Reputation: 614
I'm trying to tackle the classic handwritten digit recognition problem with a feed forward neural network and backpropagation, using the MNIST dataset. I'm using Michael Nielsen's book to learn the essentials and 3Blue1Brown's youtube video for the backpropagation algorithm.
I finished writing it some time ago and been debugging since, because the results are quite bad. At its best the network can recognize ~4000/10000 samples after 1 epoch and that number only drops on the following epochs, which lead me to believe there's some issue with the backpropagation algorithm.
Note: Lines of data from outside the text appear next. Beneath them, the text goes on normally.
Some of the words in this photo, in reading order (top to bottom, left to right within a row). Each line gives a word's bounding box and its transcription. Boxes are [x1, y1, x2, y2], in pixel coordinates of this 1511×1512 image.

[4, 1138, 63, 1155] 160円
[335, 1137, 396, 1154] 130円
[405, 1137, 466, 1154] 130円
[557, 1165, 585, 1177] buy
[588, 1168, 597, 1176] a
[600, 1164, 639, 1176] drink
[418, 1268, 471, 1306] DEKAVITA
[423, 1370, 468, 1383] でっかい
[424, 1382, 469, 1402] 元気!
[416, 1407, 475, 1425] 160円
I've been drowning in index hell trying to debug this for the last few days and can't figure out where the issue is, I'd appreciate any help in pointing it out.
A bit of background: 1) I'm not using any matrix multiplication and no external frameworks, but doing everything with for loops because that's how I learned it from the video. 2) Unlike the book, I'm storing both weights and biases in the same array. The biases for every layer are a column at the end of the weight matrix for that layer.
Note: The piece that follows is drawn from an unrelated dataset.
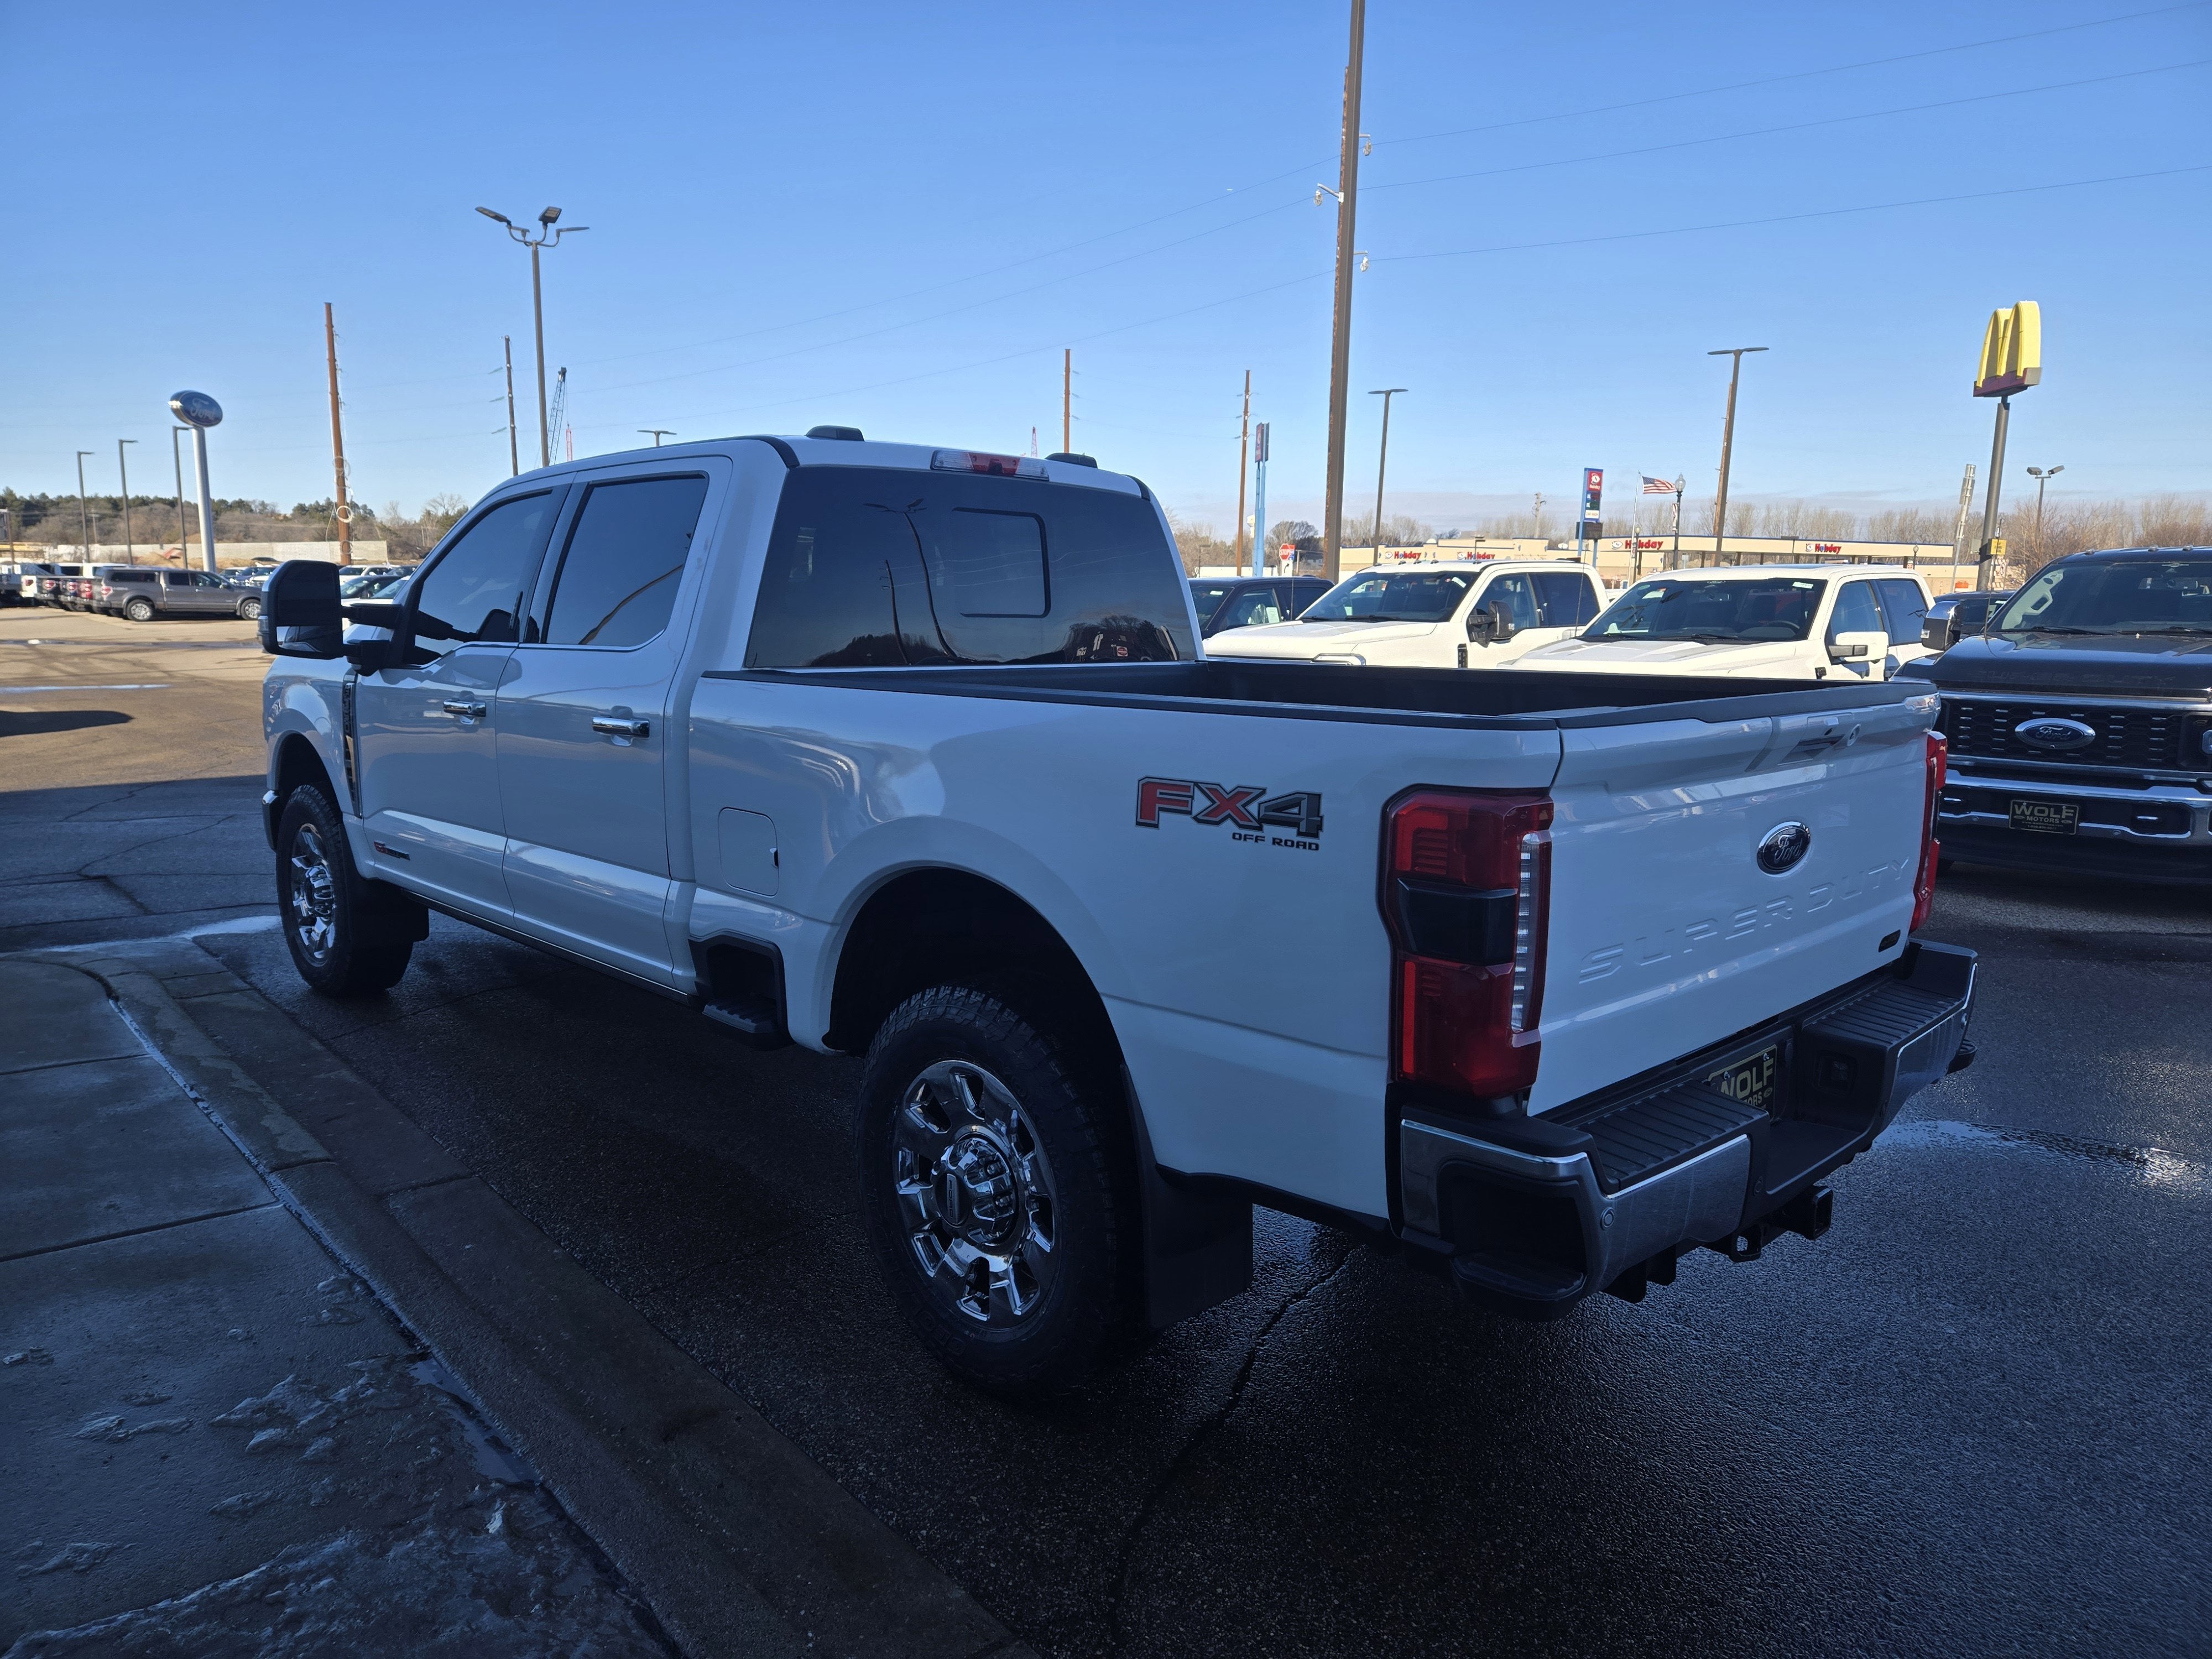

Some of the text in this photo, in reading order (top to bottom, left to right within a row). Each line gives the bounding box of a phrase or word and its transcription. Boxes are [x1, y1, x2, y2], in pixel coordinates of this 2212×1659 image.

And finally for the code, this is the Backpropagate method of the NeuralNetwork class, which is called in UpdateMiniBatch, which itself is called in SGD:
/// <summary>
/// Returns the partial derivative of the cost function on one sample with respect to every weight in the network.
/// </summary>
public List<double[,]> Backpropagate(ITrainingSample sample)
{
// Forwards pass
var (weightedInputs, activations) = GetWeightedInputsAndActivations(sample.Input);
// The derivative with respect to the activation of the last layer is simple to compute: activation - expectedActivation
var errors = activations.Last().Select((a, i) => a - sample.Output[i]).ToArray();
// Backwards pass
List<double[,]> delCostOverDelWeights = Weights.Select(x => new double[x.GetLength(0), x.GetLength(1)]).ToList();
List<double[]> delCostOverDelActivations = Weights.Select(x => new double[x.GetLength(0)]).ToList();
delCostOverDelActivations[delCostOverDelActivations.Count - 1] = errors;
// Comment notation:
// Cost function: C
// Weight connecting the i-th neuron on the (l + 1)-th layer to the j-th neuron on the l-th layer: w[l][i, j]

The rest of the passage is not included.